Data Integration and Statistical Methods

The RR was obtained to approximate RR in this meta-analysis because of the low incidence rate of laryngeal cancer. When both the crude and the adjusted OR/RR values were offered, only the adjusted value would be adopted for the meta-analysis. If only the raw data was reported, we would calculate the unadjusted RR.

The ORs and 95% CIs of all the included studies were pooled using the general variance-based method with a random-effects model. The heterogeneity among the included studies was measured by the χ2 test and quantified with the I2 statistic. When P for the heterogeneity was <0.1 and I2>50%, the interstudy heterogeneity would be considered statistically significant.

The source of the statistically significant heterogeneity was assessed by both removing the included studies one by one to measure whether any single study was the source of the heterogeneity. Another independent method to detect the source of heterogeneity was to conduct a subgroup meta-analysis. Subgroup analyses were conducted by the study designs (case-control or cohort study), population of or hospital based design, prospective or retrospective study design, and the different sexual groups (male and female group).

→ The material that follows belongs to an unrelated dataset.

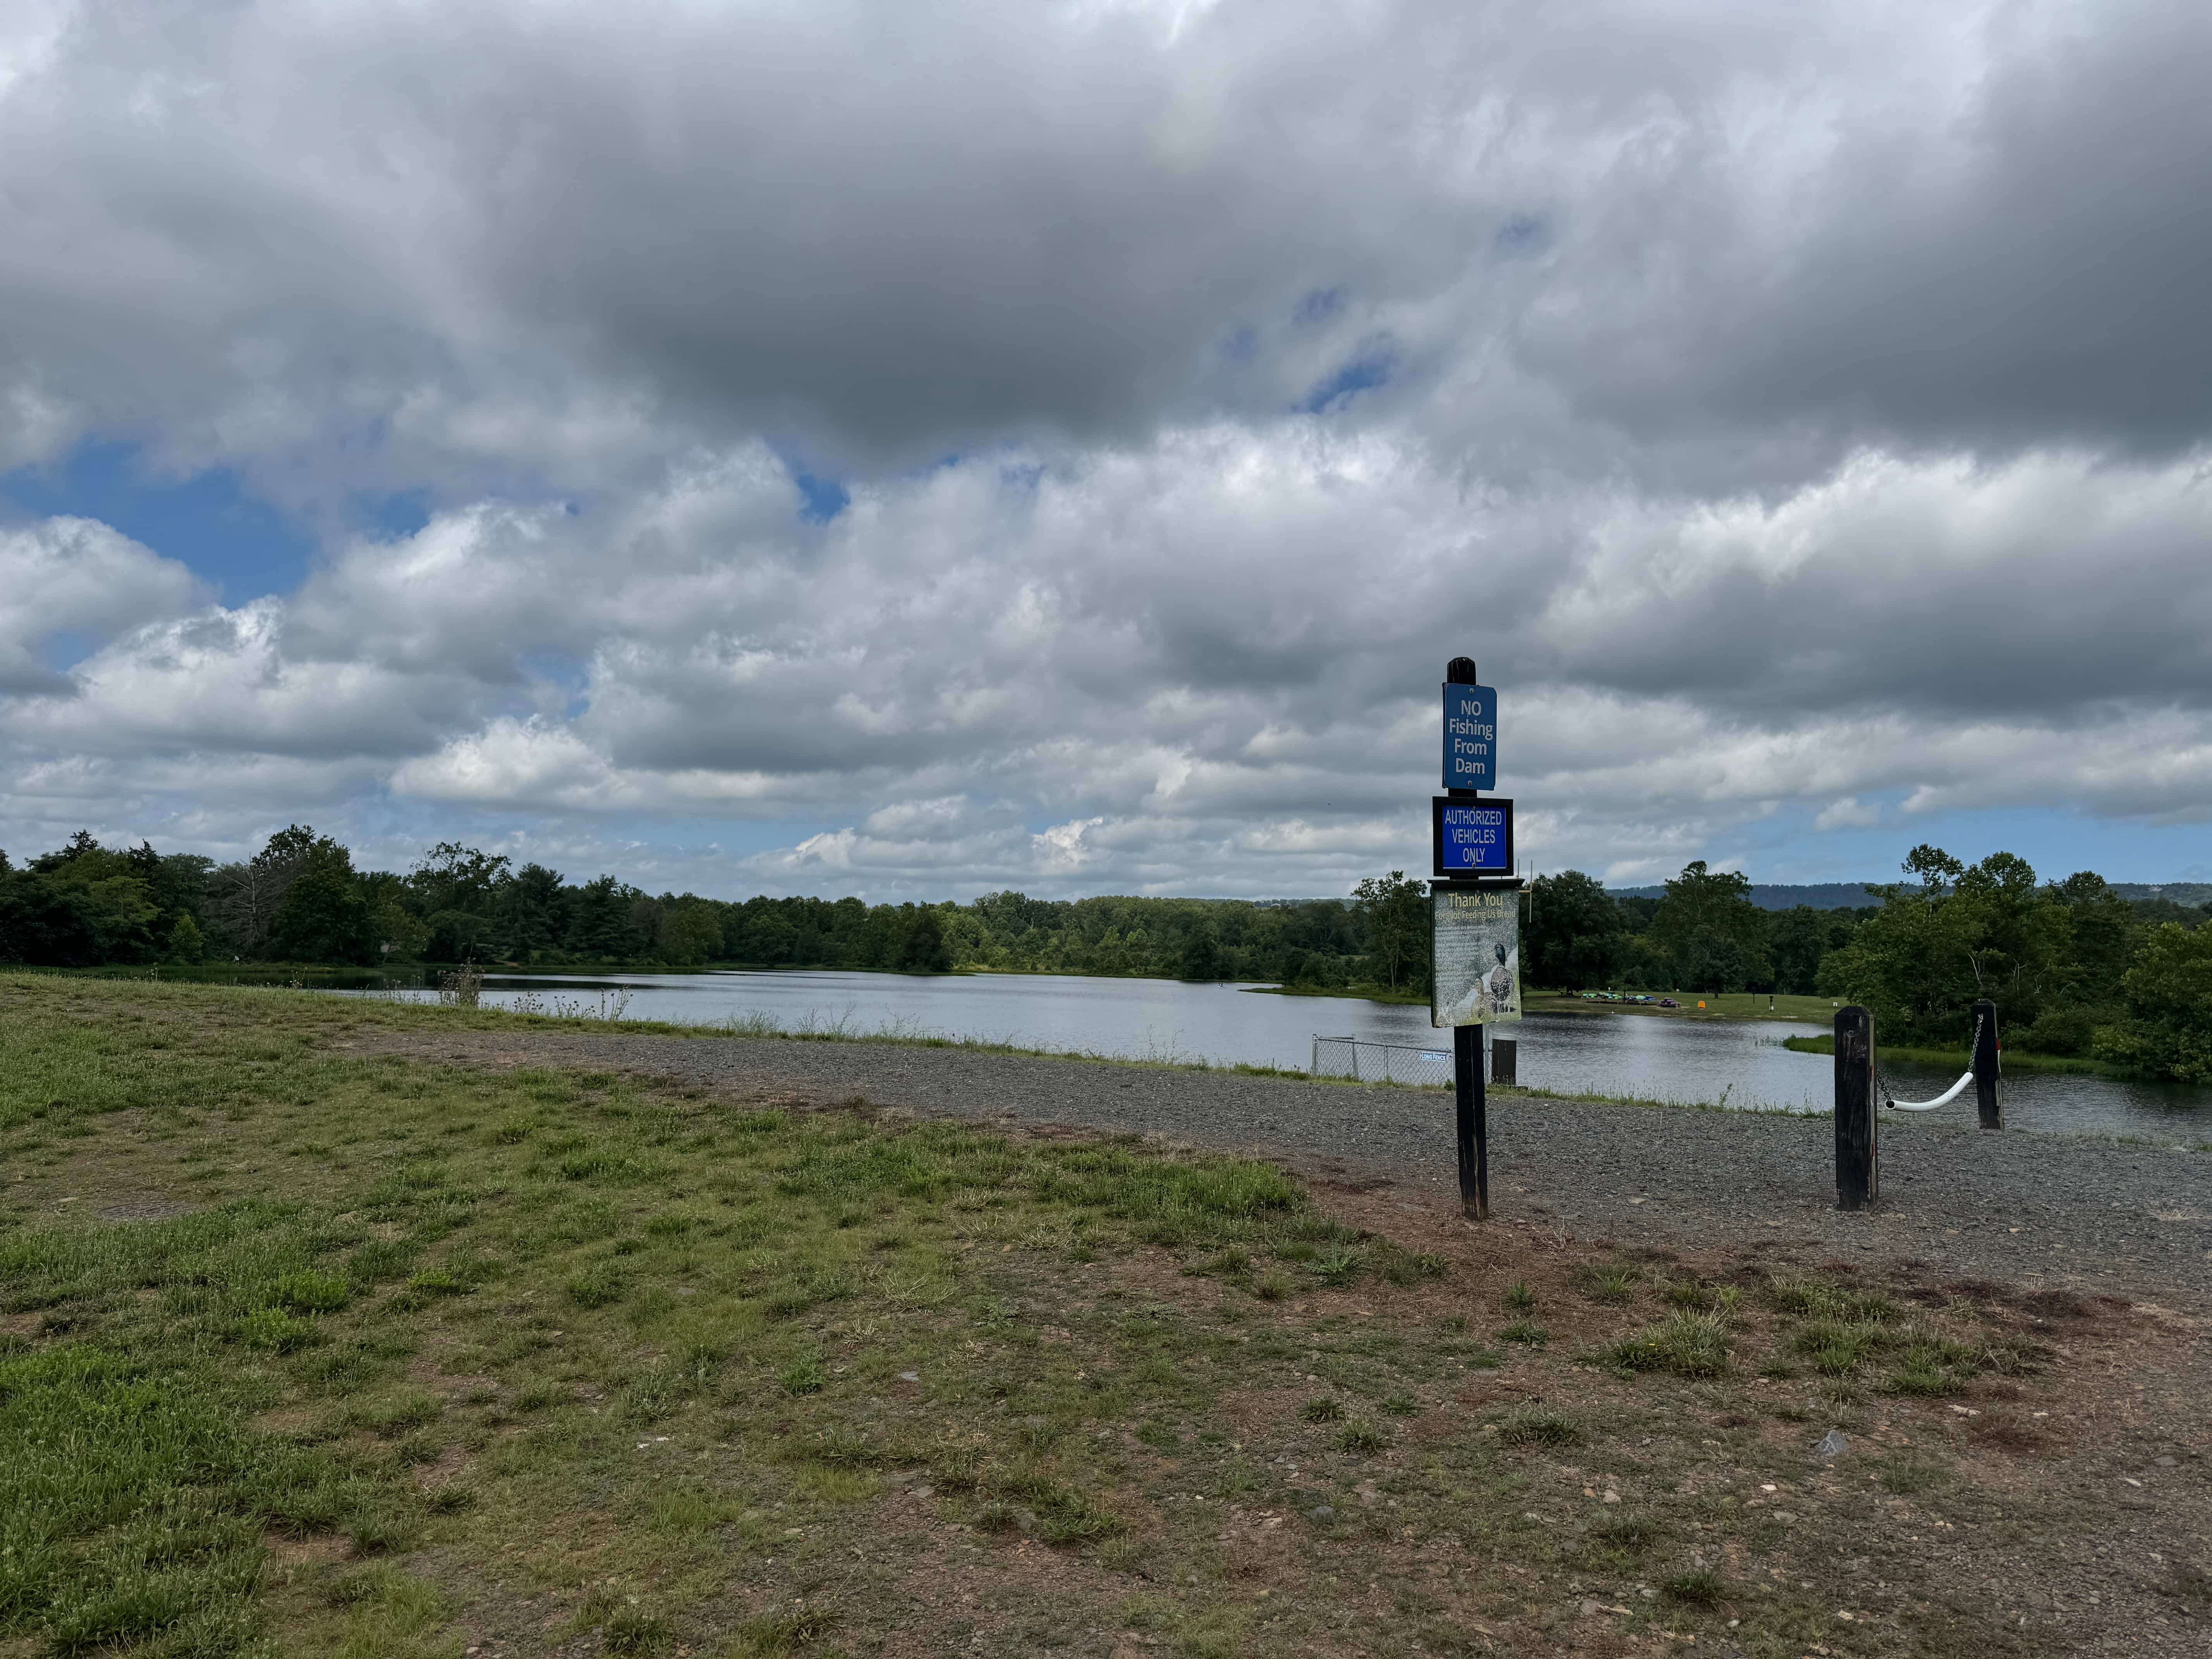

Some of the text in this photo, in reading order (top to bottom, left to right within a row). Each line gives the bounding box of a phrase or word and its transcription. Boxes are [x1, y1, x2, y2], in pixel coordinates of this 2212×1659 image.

We examined a potential linear dose-response relationship between drinks consumption (both tea and coffee consumption were considered) and risk of laryngeal carcinoma using restricted cubic splines with three knots at percentiles 25%, 50%, and 75%of the distribution. A two-stage random-effects dose-response meta-analysis tested was adopted for the detection of the potential nonlinear relation. A P value for nonlinearity was calculated by testing the null hypothesis that the coefficient of the second spline is equal to 0 [21].

A sensitivity analysis was performed by excluding the studies with a relative lower methodological quality. We would assess the effect of tea and coffee consumption and risk of laryngeal carcinoma through just including the high-quality studies. The publication bias was evaluated using funnel plots and the Egger test [22], [23]. P<0.1 was considered to indicate statistically significant publication bias All analyses were conducted using STATA software, version 10.0 (StataCorp LP, College Station, Texas).

Results

Identification and Selection of Studies

The flowchart of the study selection was presented in Fig. 1. A total of 801 publications were retrieved from the initial literature search (329 form the Medline, 214 from the EMBASE, and 47 from the reference lists of the relevant studies). After excluding 127 duplicated articles, a total of 463 records were detailed evaluated. Among the 463 articles, 78 full-texts were assessed for eligibility after removing 385 articles (reviews, case reports and unrelated articles). From these, 10 original articles that included data on the association between tea and coffee consumption and laryngeal cancer were ultimately included in our meta-analysis [12][15], [19], [20], [24][27]. The 68 articles that excluded after reading the full text were the studies in which laryngeal carcinoma incidence not reported (n = 43) and tea and coffee intake not reported (n = 25).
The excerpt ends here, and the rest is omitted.